Exercise directions: Set down each record below exactly as it stands. Pictures are not part of the copy.

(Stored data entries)
╔══

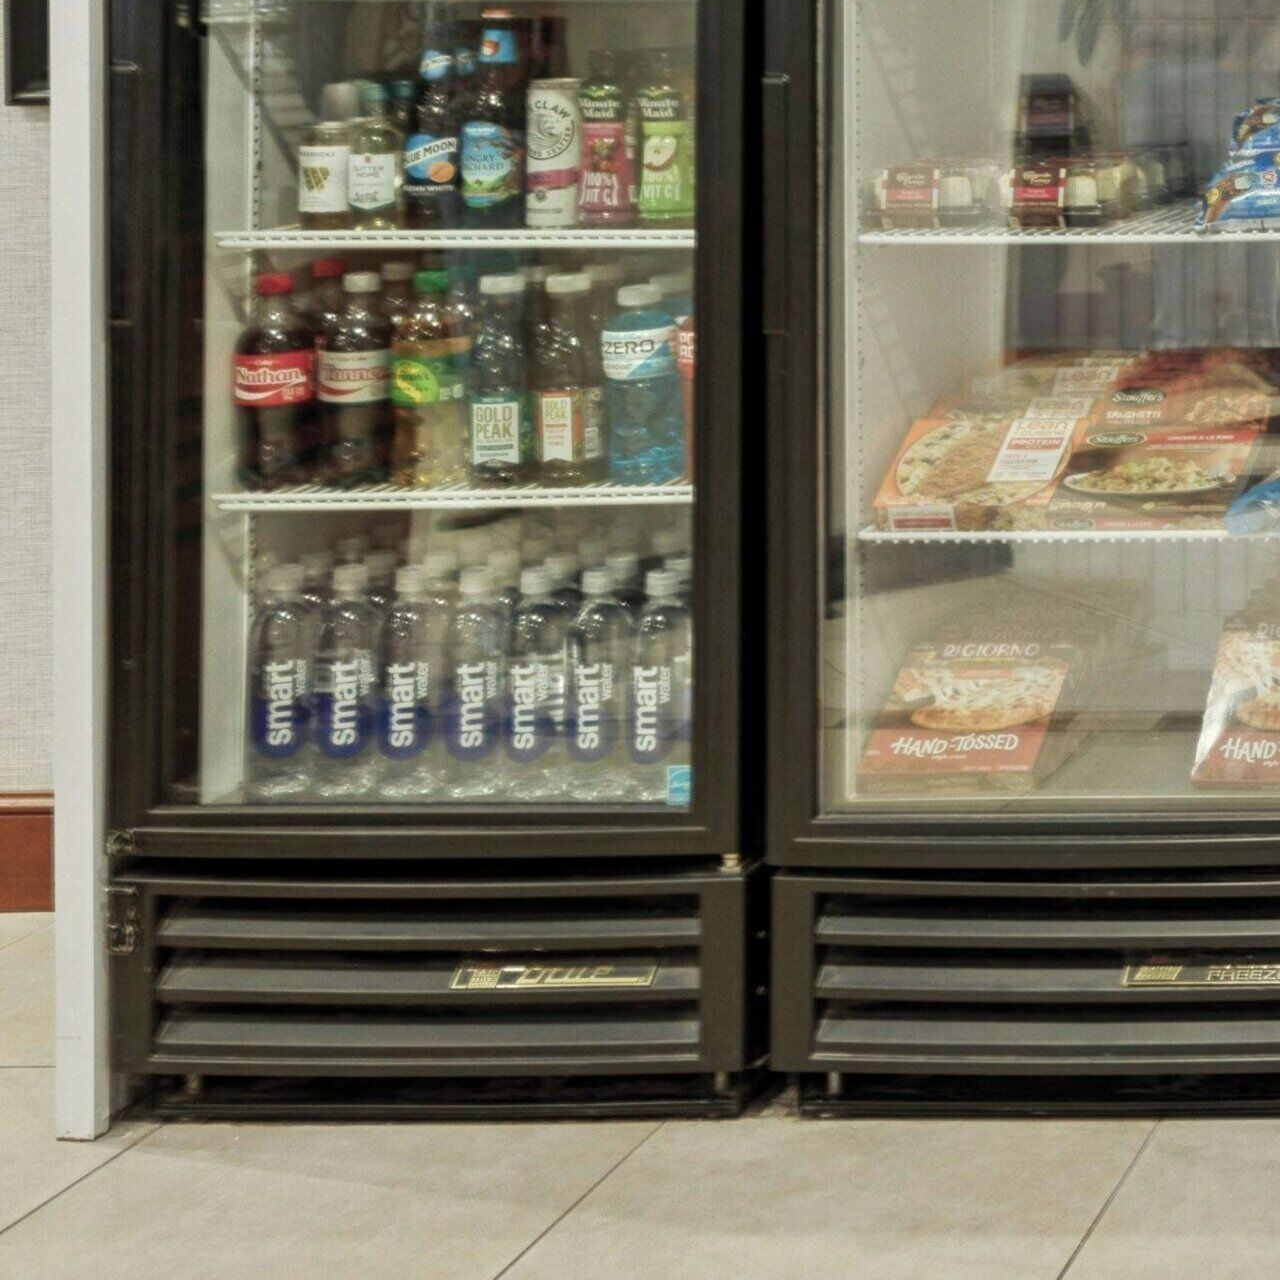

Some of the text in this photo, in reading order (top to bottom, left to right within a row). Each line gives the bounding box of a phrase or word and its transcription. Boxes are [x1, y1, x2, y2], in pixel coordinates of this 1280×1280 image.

[535, 101, 570, 120] CLAW
[580, 98, 620, 108] Minute
[642, 108, 674, 117] Maid
[583, 109, 614, 118] Maid
[422, 139, 455, 156] MOON
[603, 339, 655, 354] ZERO
[236, 366, 300, 385] Nathan
[1112, 390, 1164, 403] Stouffer's
[476, 406, 513, 422] GOLD
[1105, 410, 1162, 420] SPAGHETTI
[476, 422, 514, 438] PEAK
[1096, 434, 1139, 444] Stouffer's
[416, 662, 430, 698] water
[658, 665, 672, 704] water
[265, 659, 294, 746] smart
[330, 661, 358, 746] smart
[387, 661, 415, 748] smart
[456, 661, 485, 749] smart
[510, 663, 537, 750] smart
[574, 663, 602, 750] smart
[634, 666, 658, 752] smart
[890, 733, 1019, 756] HAND-TOSSED
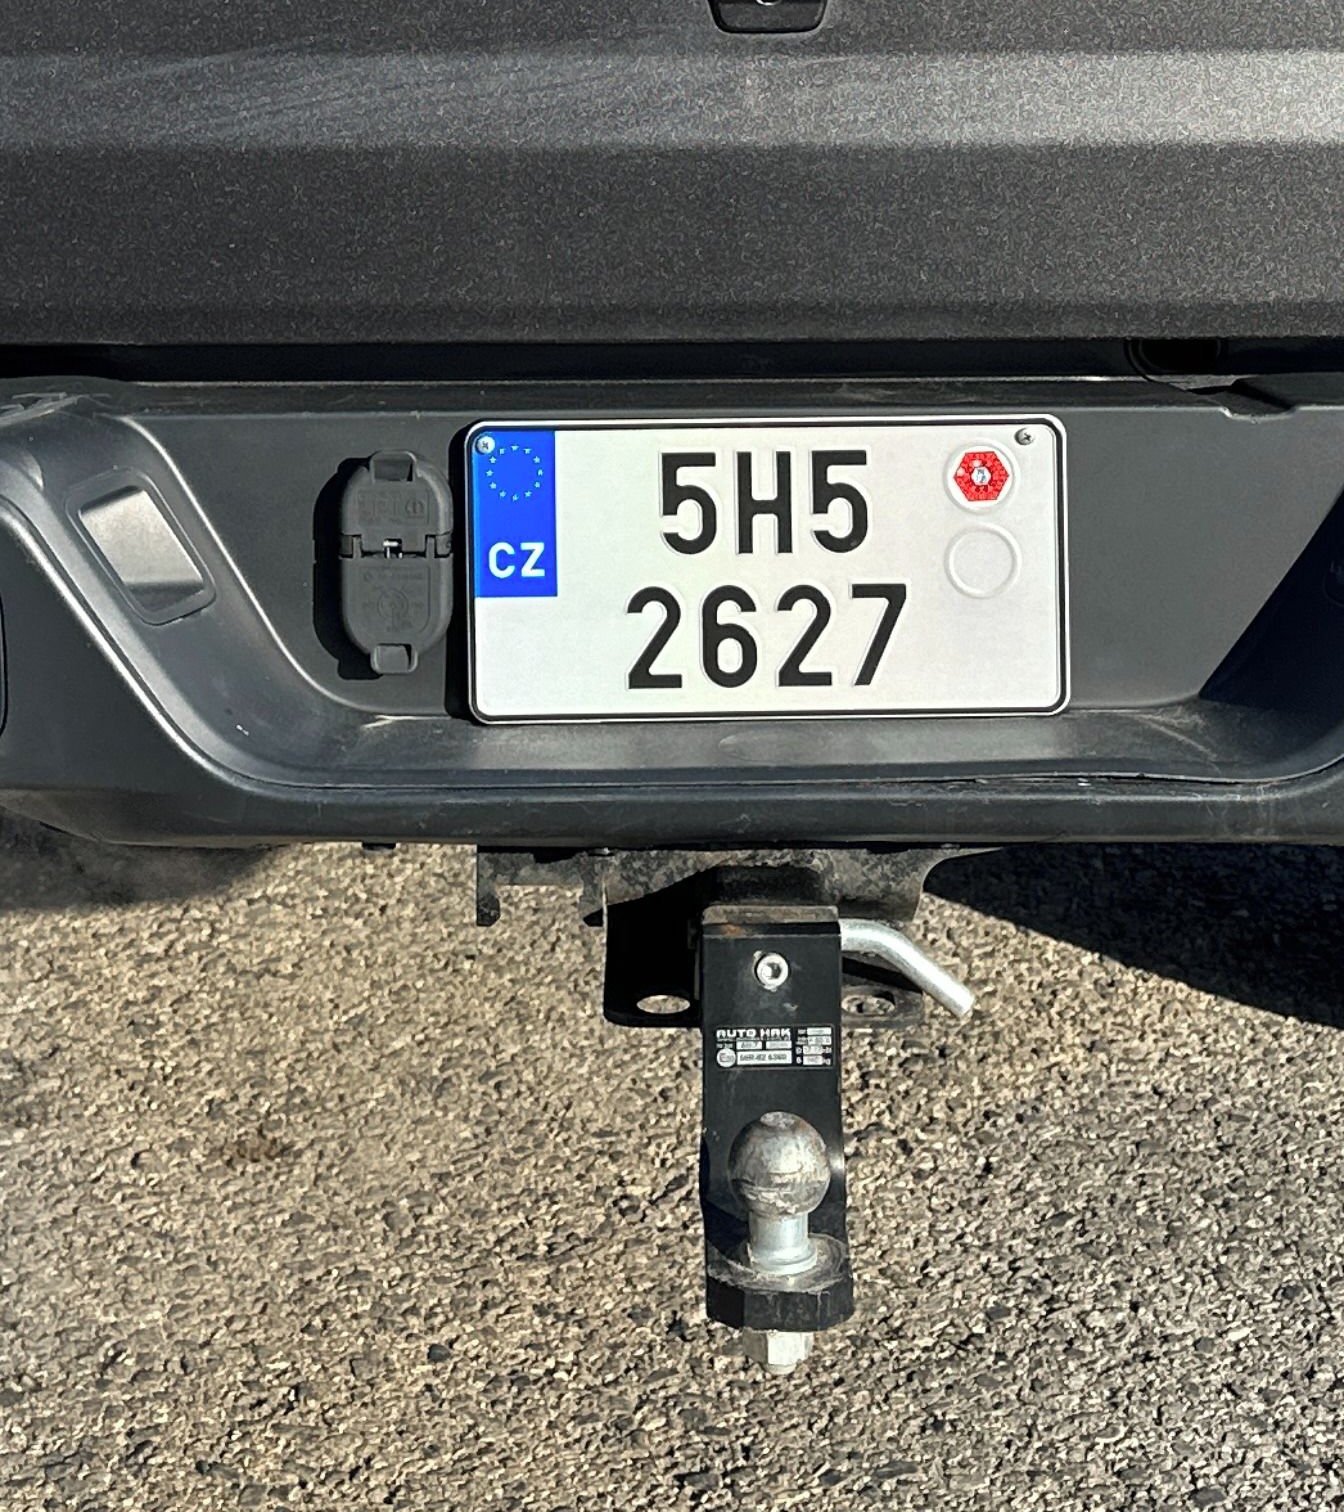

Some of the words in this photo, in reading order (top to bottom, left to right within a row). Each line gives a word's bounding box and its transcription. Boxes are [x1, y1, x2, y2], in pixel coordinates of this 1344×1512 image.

╚══

Finished exercise:
Some of the text in this photo, in reading order (top to bottom, left to right within a row). Each line gives the bounding box of a phrase or word and its transcription. Boxes are [x1, y1, x2, y2], in pixel coordinates of this 1280×1280 image.

[535, 101, 570, 120] CLAW
[580, 98, 620, 108] Minute
[642, 108, 674, 117] Maid
[583, 109, 614, 118] Maid
[422, 139, 455, 156] MOON
[603, 339, 655, 354] ZERO
[236, 366, 300, 385] Nathan
[1112, 390, 1164, 403] Stouffer's
[476, 406, 513, 422] GOLD
[1105, 410, 1162, 420] SPAGHETTI
[476, 422, 514, 438] PEAK
[1096, 434, 1139, 444] Stouffer's
[416, 662, 430, 698] water
[658, 665, 672, 704] water
[265, 659, 294, 746] smart
[330, 661, 358, 746] smart
[387, 661, 415, 748] smart
[456, 661, 485, 749] smart
[510, 663, 537, 750] smart
[574, 663, 602, 750] smart
[634, 666, 658, 752] smart
[890, 733, 1019, 756] HAND-TOSSED

Some of the words in this photo, in reading order (top to bottom, left to right within a row). Each line gives a word's bounding box and its transcription. Boxes are [x1, y1, x2, y2], in pixel coordinates of this 1344×1512 image.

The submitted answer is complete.